Konflik Kepentingan Munculkan Banyak Potensi Korupsi
Peneliti Transparency International Indonesia Alvin Nicola menyebut konflik kepentingan masih dianggap hal normal di Indonesia. Padahal, konflik kepentingan berperan besar dalam kasus-kasus korupsi yang merugikan negara puluhan triliun rupiah.
"Ini jadi gejala yang makin banyak ditemui hari-hari ini dan cabangnya kemana-mana, yang mengatur konflik kepentingan pun penuh dengan konflik kepentingan sendiri. Sehingga memunculkan banyak potensi korupsi yang lebih besar," kata Alvin.
Alvin menyarankan agar konflik kepentingan diatur mengacu pada standar yang telah ada. Hal ini dilakukan untuk meminimalkan celah korupsi yang sudah terbuka lebar.
"Instrumen global mengatur COI (Conflict of Interest) ini sudah banyak sekali, namun standar ini tidak diterapkan secara utuh di Indonesia padahal sudah banyak sekali instrumen dan standar khusus yang mengatur konflik kepentingan," ucapnya.
Lanjut Alvin, terdapat 2 tren pengaturan konflik kepentingan, yaitu melalui sentralisasi dan desentralisasi. Upaya sentralisasi dilakukan dengan pembentukan lembaga khusus yang menangani pengaturan konflik kepentingan.
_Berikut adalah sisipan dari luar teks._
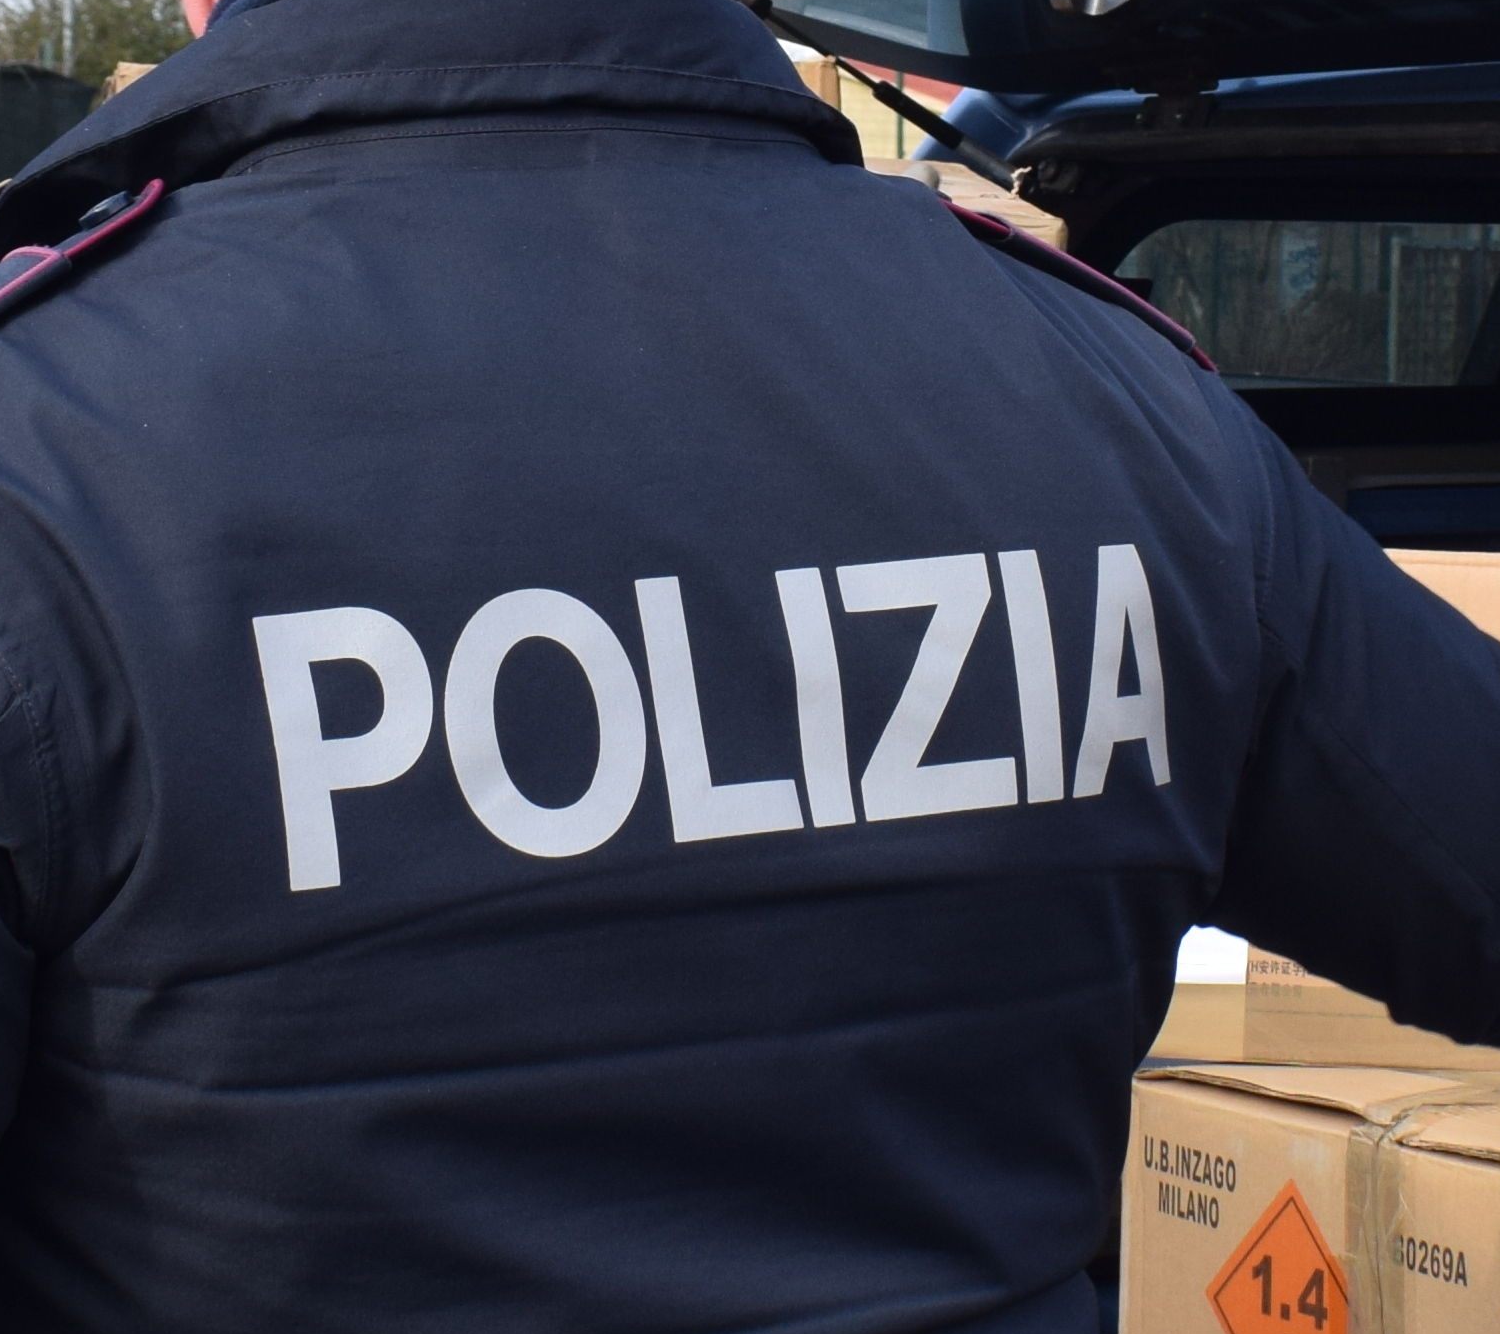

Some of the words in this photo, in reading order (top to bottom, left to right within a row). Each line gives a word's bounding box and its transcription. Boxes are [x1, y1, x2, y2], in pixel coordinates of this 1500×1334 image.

[252, 543, 1171, 891] POLIZIA
[1144, 1134, 1237, 1193] U.B.INZAGO
[1158, 1181, 1220, 1229] MILANO
[1252, 1254, 1328, 1331] 1.4
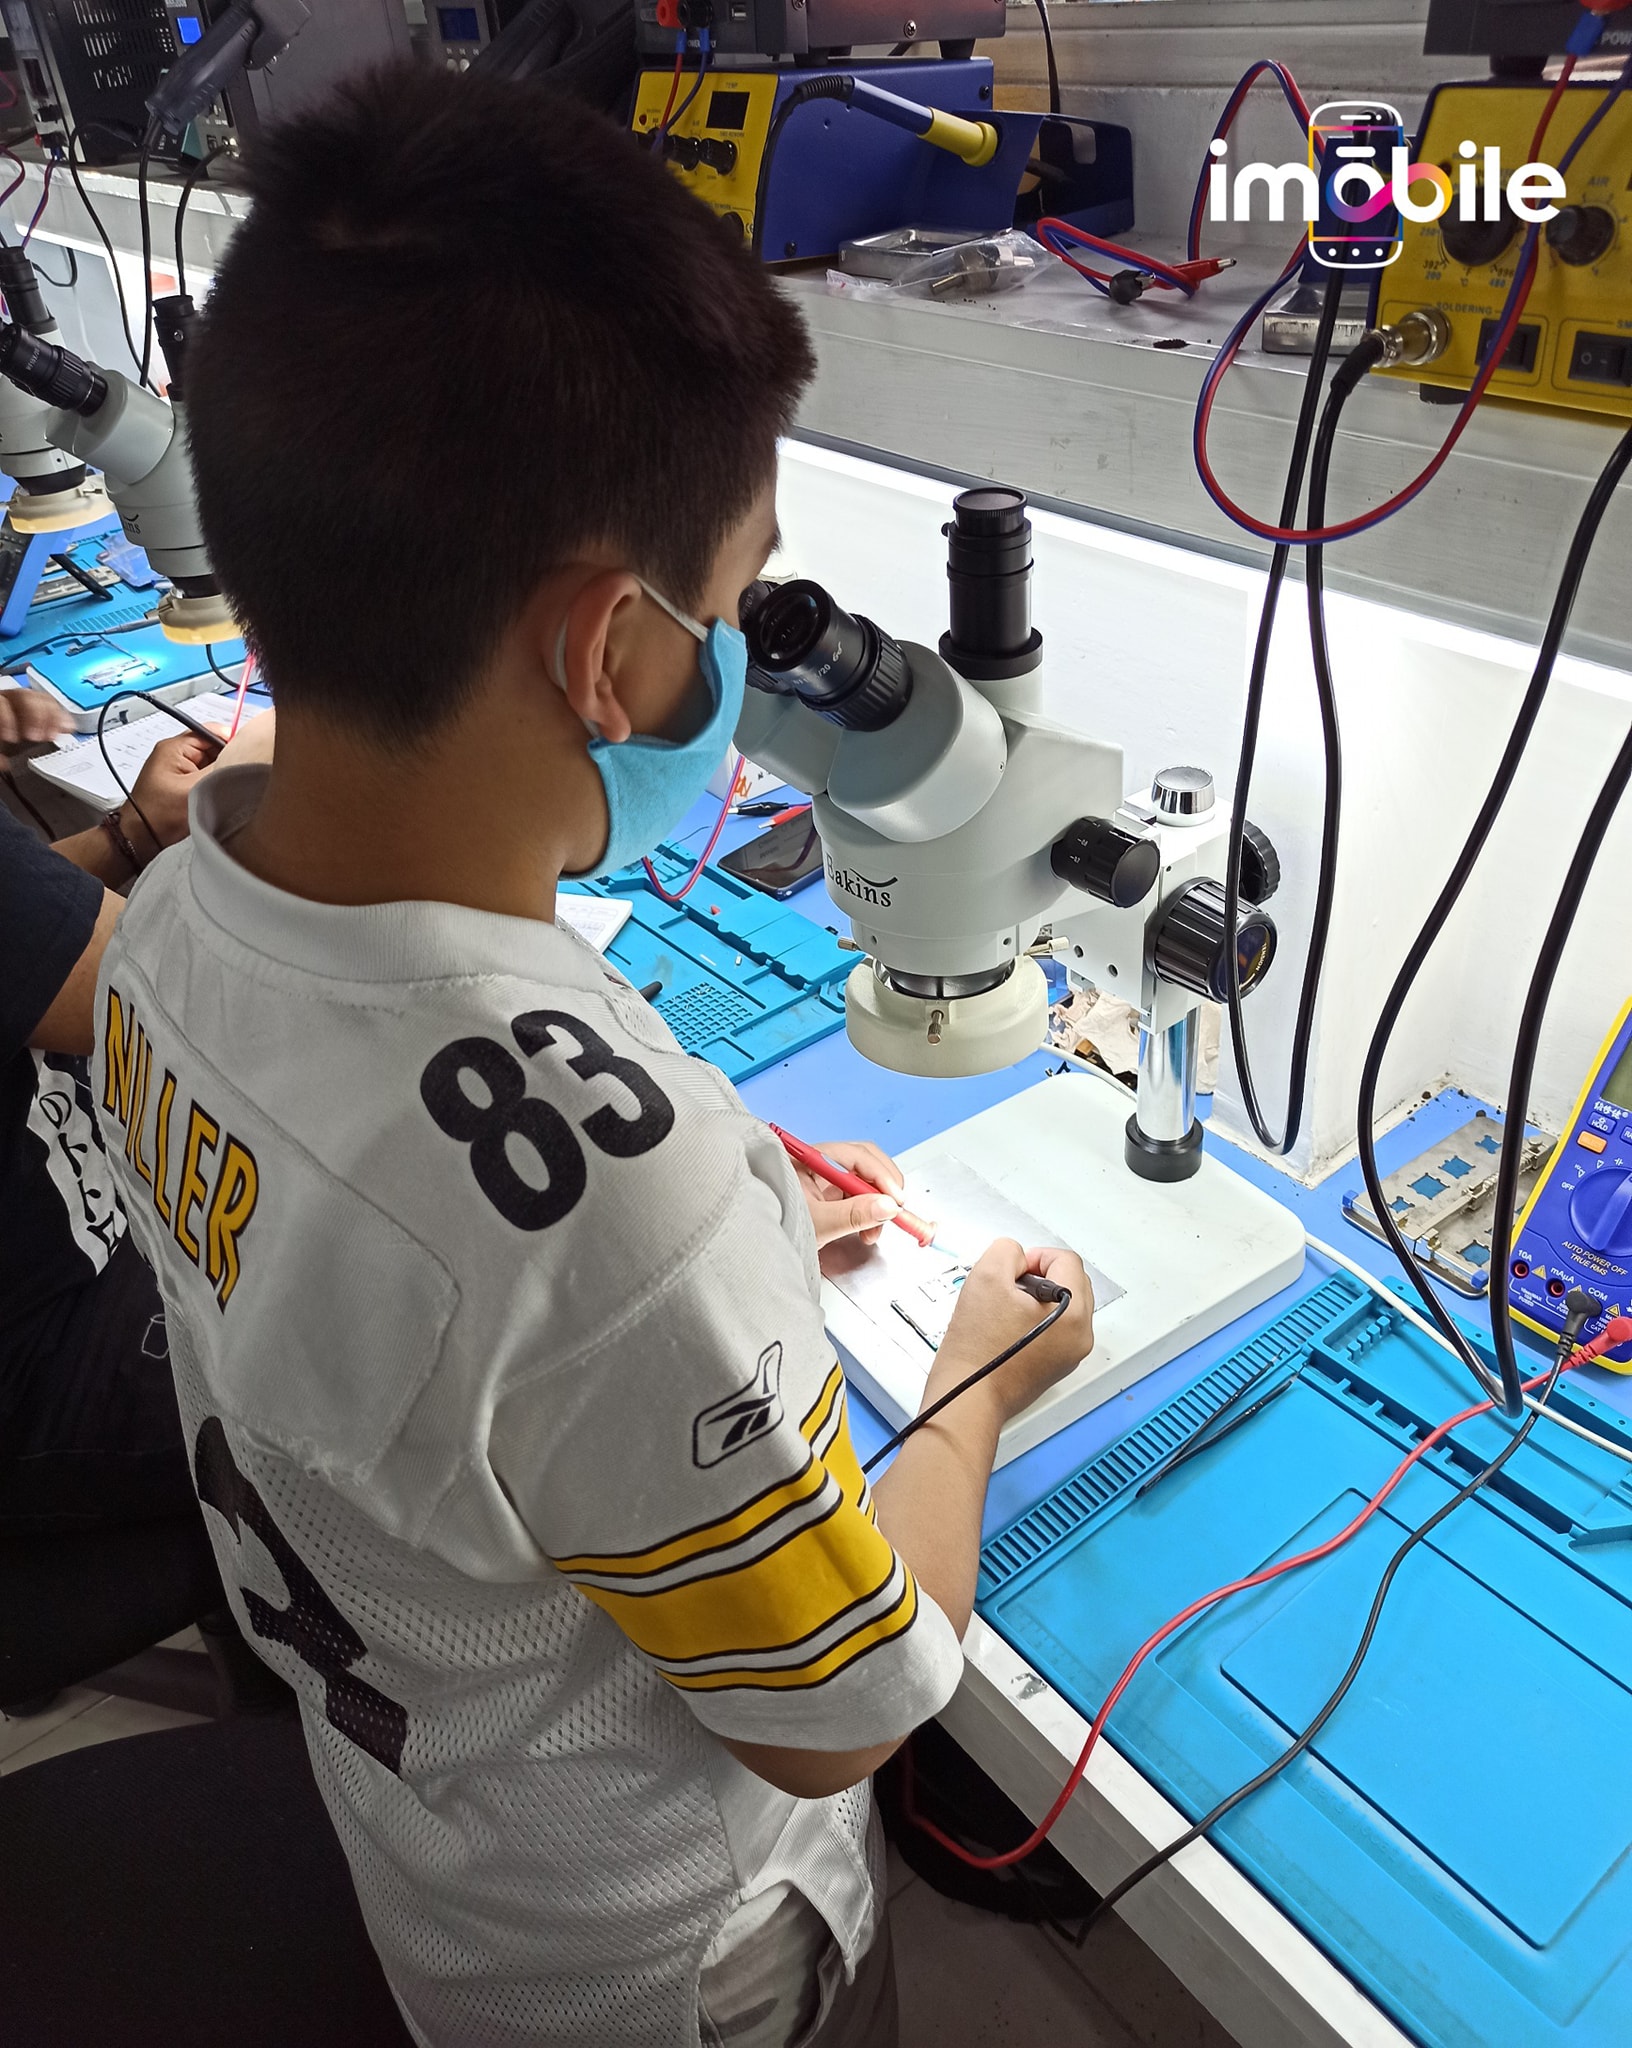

Misalnya di Bulgaria dan Jepang ada lembaga khusus yang mengatur konflik kepentingan. Sementara, Indonesia memilih pengaturan desentralisasi yang pengawasannya berada di pemerintah daerah.
"Memang sulit diukur efektivitasnya. Belum lagi sanksinya lebih banyak administrasi dibanding level disiplin. Ini jadi hal menarik yang perlu diperhatikan," katanya.
Alvin juga merekomendasikan agar pemerintah mengatur revolving door atau kondisi dimana mantan pegawai negeri bekerja di perusahaan swasta yang dia awasi seperti komisaris. Hal ini dinilai sebagai sebuah bentuk konflik kepentingan yang rawan menimbulkan korupsi.
Di sisi lain, peneliti dari Pusat Studi Kebijakan Negara Fakultas Hukum Universitas Padjajaran Wicaksana Dramanda menambahkan, pengaturan konflik kepentingan juga harus menyasar pada konflik kepentingan non finansial. Indonesia masih terpaku dengan konflik kepentingan finansial yang berkaitan dengan materi saja.
"Padahal, yang non finansial ini yang paling sering terbaikan dan dianggap biasa seperti informasi program pemerintah, promosi nama perusahaan, pertambahan pengguna jasa atau data masyarakat," katanya.